What the exercise asks
Are you able to quote each entry exactly as written?
Extracted entries START
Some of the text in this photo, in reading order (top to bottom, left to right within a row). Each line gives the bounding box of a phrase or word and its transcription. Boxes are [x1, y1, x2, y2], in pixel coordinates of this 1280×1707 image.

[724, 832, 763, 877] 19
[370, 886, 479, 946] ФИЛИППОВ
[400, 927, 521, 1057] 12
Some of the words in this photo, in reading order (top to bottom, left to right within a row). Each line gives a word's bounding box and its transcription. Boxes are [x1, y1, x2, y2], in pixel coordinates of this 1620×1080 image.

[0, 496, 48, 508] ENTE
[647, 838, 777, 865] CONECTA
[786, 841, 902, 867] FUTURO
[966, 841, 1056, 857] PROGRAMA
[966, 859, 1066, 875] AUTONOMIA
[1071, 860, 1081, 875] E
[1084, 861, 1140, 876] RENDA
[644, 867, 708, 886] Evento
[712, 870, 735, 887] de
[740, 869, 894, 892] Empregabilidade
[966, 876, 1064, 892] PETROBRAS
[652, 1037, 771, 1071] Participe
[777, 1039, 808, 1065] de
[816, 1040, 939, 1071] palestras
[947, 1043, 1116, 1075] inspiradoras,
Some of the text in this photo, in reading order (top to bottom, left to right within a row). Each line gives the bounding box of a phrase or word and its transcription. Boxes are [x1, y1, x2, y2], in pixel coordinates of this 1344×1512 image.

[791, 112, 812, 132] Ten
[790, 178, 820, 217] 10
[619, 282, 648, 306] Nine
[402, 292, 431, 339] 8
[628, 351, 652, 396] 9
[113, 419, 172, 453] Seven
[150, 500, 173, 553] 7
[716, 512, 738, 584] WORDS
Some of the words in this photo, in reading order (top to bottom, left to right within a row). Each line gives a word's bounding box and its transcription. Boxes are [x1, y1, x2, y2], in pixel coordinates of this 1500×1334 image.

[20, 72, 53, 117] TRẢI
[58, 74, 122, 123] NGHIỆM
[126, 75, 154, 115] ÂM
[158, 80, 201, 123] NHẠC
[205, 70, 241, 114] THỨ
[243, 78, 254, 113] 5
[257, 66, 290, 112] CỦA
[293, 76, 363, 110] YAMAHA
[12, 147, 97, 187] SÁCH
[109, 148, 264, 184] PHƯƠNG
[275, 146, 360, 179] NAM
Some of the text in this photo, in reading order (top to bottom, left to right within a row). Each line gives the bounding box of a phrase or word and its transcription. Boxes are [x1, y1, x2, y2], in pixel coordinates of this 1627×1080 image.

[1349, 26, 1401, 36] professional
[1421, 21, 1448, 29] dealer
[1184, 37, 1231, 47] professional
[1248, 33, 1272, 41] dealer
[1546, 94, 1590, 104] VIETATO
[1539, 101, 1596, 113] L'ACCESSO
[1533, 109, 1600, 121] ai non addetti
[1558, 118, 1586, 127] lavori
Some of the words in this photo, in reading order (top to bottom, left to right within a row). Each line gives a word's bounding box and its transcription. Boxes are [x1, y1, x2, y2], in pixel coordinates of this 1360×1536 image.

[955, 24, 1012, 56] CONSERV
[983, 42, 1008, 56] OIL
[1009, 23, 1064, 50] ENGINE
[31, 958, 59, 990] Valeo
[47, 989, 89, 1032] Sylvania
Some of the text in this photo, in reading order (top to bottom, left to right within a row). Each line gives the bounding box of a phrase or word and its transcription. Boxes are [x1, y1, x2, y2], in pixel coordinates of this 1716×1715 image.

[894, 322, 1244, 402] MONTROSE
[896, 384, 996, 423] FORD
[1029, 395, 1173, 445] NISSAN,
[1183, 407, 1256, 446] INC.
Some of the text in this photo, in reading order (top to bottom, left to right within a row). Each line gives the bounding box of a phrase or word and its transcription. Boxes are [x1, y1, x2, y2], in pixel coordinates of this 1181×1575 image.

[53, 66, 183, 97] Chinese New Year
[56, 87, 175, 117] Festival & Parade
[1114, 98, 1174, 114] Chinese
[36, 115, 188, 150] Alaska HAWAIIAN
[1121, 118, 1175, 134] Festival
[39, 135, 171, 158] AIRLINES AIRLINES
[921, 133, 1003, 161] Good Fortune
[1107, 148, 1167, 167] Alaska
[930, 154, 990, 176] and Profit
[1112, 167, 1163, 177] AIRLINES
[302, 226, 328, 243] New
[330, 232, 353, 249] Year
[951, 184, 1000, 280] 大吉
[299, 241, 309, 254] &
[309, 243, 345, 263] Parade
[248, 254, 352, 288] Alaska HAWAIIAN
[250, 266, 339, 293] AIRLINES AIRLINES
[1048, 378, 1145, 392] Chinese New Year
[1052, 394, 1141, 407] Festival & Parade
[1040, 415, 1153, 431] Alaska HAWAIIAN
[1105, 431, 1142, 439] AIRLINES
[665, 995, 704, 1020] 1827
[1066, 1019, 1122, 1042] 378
Extracted entries END
Result of the exercise
Some of the text in this photo, in reading order (top to bottom, left to right within a row). Each line gives the bounding box of a phrase or word and its transcription. Boxes are [x1, y1, x2, y2], in pixel coordinates of this 1280×1707 image.

[724, 832, 763, 877] 19
[370, 886, 479, 946] ФИЛИППОВ
[400, 927, 521, 1057] 12
Some of the words in this photo, in reading order (top to bottom, left to right within a row). Each line gives a word's bounding box and its transcription. Boxes are [x1, y1, x2, y2], in pixel coordinates of this 1620×1080 image.

[0, 496, 48, 508] ENTE
[647, 838, 777, 865] CONECTA
[786, 841, 902, 867] FUTURO
[966, 841, 1056, 857] PROGRAMA
[966, 859, 1066, 875] AUTONOMIA
[1071, 860, 1081, 875] E
[1084, 861, 1140, 876] RENDA
[644, 867, 708, 886] Evento
[712, 870, 735, 887] de
[740, 869, 894, 892] Empregabilidade
[966, 876, 1064, 892] PETROBRAS
[652, 1037, 771, 1071] Participe
[777, 1039, 808, 1065] de
[816, 1040, 939, 1071] palestras
[947, 1043, 1116, 1075] inspiradoras,
Some of the text in this photo, in reading order (top to bottom, left to right within a row). Each line gives the bounding box of a phrase or word and its transcription. Boxes are [x1, y1, x2, y2], in pixel coordinates of this 1344×1512 image.

[791, 112, 812, 132] Ten
[790, 178, 820, 217] 10
[619, 282, 648, 306] Nine
[402, 292, 431, 339] 8
[628, 351, 652, 396] 9
[113, 419, 172, 453] Seven
[150, 500, 173, 553] 7
[716, 512, 738, 584] WORDS
Some of the words in this photo, in reading order (top to bottom, left to right within a row). Each line gives a word's bounding box and its transcription. Boxes are [x1, y1, x2, y2], in pixel coordinates of this 1500×1334 image.

[20, 72, 53, 117] TRẢI
[58, 74, 122, 123] NGHIỆM
[126, 75, 154, 115] ÂM
[158, 80, 201, 123] NHẠC
[205, 70, 241, 114] THỨ
[243, 78, 254, 113] 5
[257, 66, 290, 112] CỦA
[293, 76, 363, 110] YAMAHA
[12, 147, 97, 187] SÁCH
[109, 148, 264, 184] PHƯƠNG
[275, 146, 360, 179] NAM
Some of the text in this photo, in reading order (top to bottom, left to right within a row). Each line gives the bounding box of a phrase or word and its transcription. Boxes are [x1, y1, x2, y2], in pixel coordinates of this 1627×1080 image.

[1349, 26, 1401, 36] professional
[1421, 21, 1448, 29] dealer
[1184, 37, 1231, 47] professional
[1248, 33, 1272, 41] dealer
[1546, 94, 1590, 104] VIETATO
[1539, 101, 1596, 113] L'ACCESSO
[1533, 109, 1600, 121] ai non addetti
[1558, 118, 1586, 127] lavori
Some of the words in this photo, in reading order (top to bottom, left to right within a row). Each line gives a word's bounding box and its transcription. Boxes are [x1, y1, x2, y2], in pixel coordinates of this 1360×1536 image.

[955, 24, 1012, 56] CONSERV
[983, 42, 1008, 56] OIL
[1009, 23, 1064, 50] ENGINE
[31, 958, 59, 990] Valeo
[47, 989, 89, 1032] Sylvania
Some of the text in this photo, in reading order (top to bottom, left to right within a row). Each line gives the bounding box of a phrase or word and its transcription. Boxes are [x1, y1, x2, y2], in pixel coordinates of this 1716×1715 image.

[894, 322, 1244, 402] MONTROSE
[896, 384, 996, 423] FORD
[1029, 395, 1173, 445] NISSAN,
[1183, 407, 1256, 446] INC.
Some of the text in this photo, in reading order (top to bottom, left to right within a row). Each line gives the bounding box of a phrase or word and its transcription. Boxes are [x1, y1, x2, y2], in pixel coordinates of this 1181×1575 image.

[53, 66, 183, 97] Chinese New Year
[56, 87, 175, 117] Festival & Parade
[1114, 98, 1174, 114] Chinese
[36, 115, 188, 150] Alaska HAWAIIAN
[1121, 118, 1175, 134] Festival
[39, 135, 171, 158] AIRLINES AIRLINES
[921, 133, 1003, 161] Good Fortune
[1107, 148, 1167, 167] Alaska
[930, 154, 990, 176] and Profit
[1112, 167, 1163, 177] AIRLINES
[302, 226, 328, 243] New
[330, 232, 353, 249] Year
[951, 184, 1000, 280] 大吉
[299, 241, 309, 254] &
[309, 243, 345, 263] Parade
[248, 254, 352, 288] Alaska HAWAIIAN
[250, 266, 339, 293] AIRLINES AIRLINES
[1048, 378, 1145, 392] Chinese New Year
[1052, 394, 1141, 407] Festival & Parade
[1040, 415, 1153, 431] Alaska HAWAIIAN
[1105, 431, 1142, 439] AIRLINES
[665, 995, 704, 1020] 1827
[1066, 1019, 1122, 1042] 378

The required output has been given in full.